--- Activity ---
Return every line of the listing exactly as written.

START Information

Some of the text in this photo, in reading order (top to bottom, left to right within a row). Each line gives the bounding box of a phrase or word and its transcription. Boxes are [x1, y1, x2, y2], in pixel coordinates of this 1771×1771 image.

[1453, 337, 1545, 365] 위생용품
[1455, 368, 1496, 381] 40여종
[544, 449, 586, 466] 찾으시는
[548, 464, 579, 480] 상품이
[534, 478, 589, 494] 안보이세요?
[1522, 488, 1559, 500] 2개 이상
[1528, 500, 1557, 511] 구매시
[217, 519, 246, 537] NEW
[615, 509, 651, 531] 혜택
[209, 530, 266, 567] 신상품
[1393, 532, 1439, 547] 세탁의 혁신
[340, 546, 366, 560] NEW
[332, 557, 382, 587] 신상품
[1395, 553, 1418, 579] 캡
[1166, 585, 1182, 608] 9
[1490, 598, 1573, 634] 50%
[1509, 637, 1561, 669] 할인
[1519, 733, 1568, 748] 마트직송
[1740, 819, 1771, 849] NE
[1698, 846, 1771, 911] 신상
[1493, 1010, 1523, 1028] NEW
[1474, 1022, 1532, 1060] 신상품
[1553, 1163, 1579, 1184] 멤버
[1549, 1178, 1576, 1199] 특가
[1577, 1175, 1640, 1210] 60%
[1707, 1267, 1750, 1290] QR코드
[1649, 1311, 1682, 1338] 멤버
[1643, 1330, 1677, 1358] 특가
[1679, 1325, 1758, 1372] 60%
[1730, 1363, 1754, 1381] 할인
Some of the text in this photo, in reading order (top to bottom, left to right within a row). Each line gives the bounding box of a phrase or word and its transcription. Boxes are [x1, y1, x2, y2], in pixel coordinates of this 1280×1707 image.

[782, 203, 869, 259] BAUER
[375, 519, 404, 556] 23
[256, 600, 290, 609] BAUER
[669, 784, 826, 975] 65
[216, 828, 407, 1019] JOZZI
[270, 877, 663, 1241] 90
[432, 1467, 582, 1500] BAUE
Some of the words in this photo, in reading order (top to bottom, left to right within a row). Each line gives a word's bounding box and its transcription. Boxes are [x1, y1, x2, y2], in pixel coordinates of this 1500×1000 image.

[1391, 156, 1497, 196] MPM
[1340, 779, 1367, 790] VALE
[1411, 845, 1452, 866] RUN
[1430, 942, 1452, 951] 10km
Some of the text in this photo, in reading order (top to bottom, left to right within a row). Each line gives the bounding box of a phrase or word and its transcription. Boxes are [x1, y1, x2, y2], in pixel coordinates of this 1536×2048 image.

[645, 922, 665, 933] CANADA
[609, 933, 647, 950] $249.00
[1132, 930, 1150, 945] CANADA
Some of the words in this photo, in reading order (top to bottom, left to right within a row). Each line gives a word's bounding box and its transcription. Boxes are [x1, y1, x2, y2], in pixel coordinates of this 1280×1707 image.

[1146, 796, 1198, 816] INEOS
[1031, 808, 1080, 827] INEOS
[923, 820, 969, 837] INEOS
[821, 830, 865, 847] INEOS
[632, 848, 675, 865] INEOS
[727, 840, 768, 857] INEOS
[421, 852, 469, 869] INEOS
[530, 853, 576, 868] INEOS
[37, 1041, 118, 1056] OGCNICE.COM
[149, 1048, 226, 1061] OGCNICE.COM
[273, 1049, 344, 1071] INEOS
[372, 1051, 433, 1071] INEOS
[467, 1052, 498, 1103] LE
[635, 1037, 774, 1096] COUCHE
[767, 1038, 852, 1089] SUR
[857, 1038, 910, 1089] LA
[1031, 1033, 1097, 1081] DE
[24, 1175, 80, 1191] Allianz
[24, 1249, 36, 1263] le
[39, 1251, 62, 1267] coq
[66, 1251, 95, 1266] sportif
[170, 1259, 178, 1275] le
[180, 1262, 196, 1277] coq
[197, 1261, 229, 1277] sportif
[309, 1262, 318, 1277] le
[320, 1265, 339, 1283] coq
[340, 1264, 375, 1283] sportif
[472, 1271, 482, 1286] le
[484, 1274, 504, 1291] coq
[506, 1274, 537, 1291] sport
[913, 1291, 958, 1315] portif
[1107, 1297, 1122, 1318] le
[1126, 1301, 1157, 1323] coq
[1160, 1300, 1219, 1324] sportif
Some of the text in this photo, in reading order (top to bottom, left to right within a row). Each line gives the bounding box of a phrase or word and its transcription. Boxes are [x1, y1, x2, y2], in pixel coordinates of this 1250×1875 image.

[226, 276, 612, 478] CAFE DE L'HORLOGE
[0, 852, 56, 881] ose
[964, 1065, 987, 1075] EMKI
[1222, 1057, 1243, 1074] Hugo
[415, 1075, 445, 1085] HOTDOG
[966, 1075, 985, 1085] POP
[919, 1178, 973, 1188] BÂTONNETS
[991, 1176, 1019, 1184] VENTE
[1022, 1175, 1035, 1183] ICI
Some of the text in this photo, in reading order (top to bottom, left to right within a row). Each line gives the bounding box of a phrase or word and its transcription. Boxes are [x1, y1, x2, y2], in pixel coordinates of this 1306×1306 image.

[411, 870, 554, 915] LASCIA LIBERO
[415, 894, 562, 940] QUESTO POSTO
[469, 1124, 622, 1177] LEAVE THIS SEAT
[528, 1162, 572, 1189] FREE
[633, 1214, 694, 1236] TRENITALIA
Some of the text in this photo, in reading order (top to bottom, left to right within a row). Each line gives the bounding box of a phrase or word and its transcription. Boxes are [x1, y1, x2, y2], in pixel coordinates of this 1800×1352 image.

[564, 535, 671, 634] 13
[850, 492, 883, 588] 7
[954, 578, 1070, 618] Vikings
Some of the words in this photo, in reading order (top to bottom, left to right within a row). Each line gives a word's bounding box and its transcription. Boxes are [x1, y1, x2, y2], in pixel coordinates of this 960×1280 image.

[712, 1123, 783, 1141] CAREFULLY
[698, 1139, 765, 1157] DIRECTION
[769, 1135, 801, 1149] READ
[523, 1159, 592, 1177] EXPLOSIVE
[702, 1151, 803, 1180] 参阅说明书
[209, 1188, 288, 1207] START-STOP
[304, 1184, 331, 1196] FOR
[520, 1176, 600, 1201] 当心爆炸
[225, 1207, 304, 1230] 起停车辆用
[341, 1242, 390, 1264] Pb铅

END Information

--- Output for this task ---
Some of the text in this photo, in reading order (top to bottom, left to right within a row). Each line gives the bounding box of a phrase or word and its transcription. Boxes are [x1, y1, x2, y2], in pixel coordinates of this 1771×1771 image.

[1453, 337, 1545, 365] 위생용품
[1455, 368, 1496, 381] 40여종
[544, 449, 586, 466] 찾으시는
[548, 464, 579, 480] 상품이
[534, 478, 589, 494] 안보이세요?
[1522, 488, 1559, 500] 2개 이상
[1528, 500, 1557, 511] 구매시
[217, 519, 246, 537] NEW
[615, 509, 651, 531] 혜택
[209, 530, 266, 567] 신상품
[1393, 532, 1439, 547] 세탁의 혁신
[340, 546, 366, 560] NEW
[332, 557, 382, 587] 신상품
[1395, 553, 1418, 579] 캡
[1166, 585, 1182, 608] 9
[1490, 598, 1573, 634] 50%
[1509, 637, 1561, 669] 할인
[1519, 733, 1568, 748] 마트직송
[1740, 819, 1771, 849] NE
[1698, 846, 1771, 911] 신상
[1493, 1010, 1523, 1028] NEW
[1474, 1022, 1532, 1060] 신상품
[1553, 1163, 1579, 1184] 멤버
[1549, 1178, 1576, 1199] 특가
[1577, 1175, 1640, 1210] 60%
[1707, 1267, 1750, 1290] QR코드
[1649, 1311, 1682, 1338] 멤버
[1643, 1330, 1677, 1358] 특가
[1679, 1325, 1758, 1372] 60%
[1730, 1363, 1754, 1381] 할인
Some of the text in this photo, in reading order (top to bottom, left to right within a row). Each line gives the bounding box of a phrase or word and its transcription. Boxes are [x1, y1, x2, y2], in pixel coordinates of this 1280×1707 image.

[782, 203, 869, 259] BAUER
[375, 519, 404, 556] 23
[256, 600, 290, 609] BAUER
[669, 784, 826, 975] 65
[216, 828, 407, 1019] JOZZI
[270, 877, 663, 1241] 90
[432, 1467, 582, 1500] BAUE
Some of the words in this photo, in reading order (top to bottom, left to right within a row). Each line gives a word's bounding box and its transcription. Boxes are [x1, y1, x2, y2], in pixel coordinates of this 1500×1000 image.

[1391, 156, 1497, 196] MPM
[1340, 779, 1367, 790] VALE
[1411, 845, 1452, 866] RUN
[1430, 942, 1452, 951] 10km
Some of the text in this photo, in reading order (top to bottom, left to right within a row). Each line gives the bounding box of a phrase or word and its transcription. Boxes are [x1, y1, x2, y2], in pixel coordinates of this 1536×2048 image.

[645, 922, 665, 933] CANADA
[609, 933, 647, 950] $249.00
[1132, 930, 1150, 945] CANADA
Some of the words in this photo, in reading order (top to bottom, left to right within a row). Each line gives a word's bounding box and its transcription. Boxes are [x1, y1, x2, y2], in pixel coordinates of this 1280×1707 image.

[1146, 796, 1198, 816] INEOS
[1031, 808, 1080, 827] INEOS
[923, 820, 969, 837] INEOS
[821, 830, 865, 847] INEOS
[632, 848, 675, 865] INEOS
[727, 840, 768, 857] INEOS
[421, 852, 469, 869] INEOS
[530, 853, 576, 868] INEOS
[37, 1041, 118, 1056] OGCNICE.COM
[149, 1048, 226, 1061] OGCNICE.COM
[273, 1049, 344, 1071] INEOS
[372, 1051, 433, 1071] INEOS
[467, 1052, 498, 1103] LE
[635, 1037, 774, 1096] COUCHE
[767, 1038, 852, 1089] SUR
[857, 1038, 910, 1089] LA
[1031, 1033, 1097, 1081] DE
[24, 1175, 80, 1191] Allianz
[24, 1249, 36, 1263] le
[39, 1251, 62, 1267] coq
[66, 1251, 95, 1266] sportif
[170, 1259, 178, 1275] le
[180, 1262, 196, 1277] coq
[197, 1261, 229, 1277] sportif
[309, 1262, 318, 1277] le
[320, 1265, 339, 1283] coq
[340, 1264, 375, 1283] sportif
[472, 1271, 482, 1286] le
[484, 1274, 504, 1291] coq
[506, 1274, 537, 1291] sport
[913, 1291, 958, 1315] portif
[1107, 1297, 1122, 1318] le
[1126, 1301, 1157, 1323] coq
[1160, 1300, 1219, 1324] sportif
Some of the text in this photo, in reading order (top to bottom, left to right within a row). Each line gives the bounding box of a phrase or word and its transcription. Boxes are [x1, y1, x2, y2], in pixel coordinates of this 1250×1875 image.

[226, 276, 612, 478] CAFE DE L'HORLOGE
[0, 852, 56, 881] ose
[964, 1065, 987, 1075] EMKI
[1222, 1057, 1243, 1074] Hugo
[415, 1075, 445, 1085] HOTDOG
[966, 1075, 985, 1085] POP
[919, 1178, 973, 1188] BÂTONNETS
[991, 1176, 1019, 1184] VENTE
[1022, 1175, 1035, 1183] ICI
Some of the text in this photo, in reading order (top to bottom, left to right within a row). Each line gives the bounding box of a phrase or word and its transcription. Boxes are [x1, y1, x2, y2], in pixel coordinates of this 1306×1306 image.

[411, 870, 554, 915] LASCIA LIBERO
[415, 894, 562, 940] QUESTO POSTO
[469, 1124, 622, 1177] LEAVE THIS SEAT
[528, 1162, 572, 1189] FREE
[633, 1214, 694, 1236] TRENITALIA
Some of the text in this photo, in reading order (top to bottom, left to right within a row). Each line gives the bounding box of a phrase or word and its transcription. Boxes are [x1, y1, x2, y2], in pixel coordinates of this 1800×1352 image.

[564, 535, 671, 634] 13
[850, 492, 883, 588] 7
[954, 578, 1070, 618] Vikings
Some of the words in this photo, in reading order (top to bottom, left to right within a row). Each line gives a word's bounding box and its transcription. Boxes are [x1, y1, x2, y2], in pixel coordinates of this 960×1280 image.

[712, 1123, 783, 1141] CAREFULLY
[698, 1139, 765, 1157] DIRECTION
[769, 1135, 801, 1149] READ
[523, 1159, 592, 1177] EXPLOSIVE
[702, 1151, 803, 1180] 参阅说明书
[209, 1188, 288, 1207] START-STOP
[304, 1184, 331, 1196] FOR
[520, 1176, 600, 1201] 当心爆炸
[225, 1207, 304, 1230] 起停车辆用
[341, 1242, 390, 1264] Pb铅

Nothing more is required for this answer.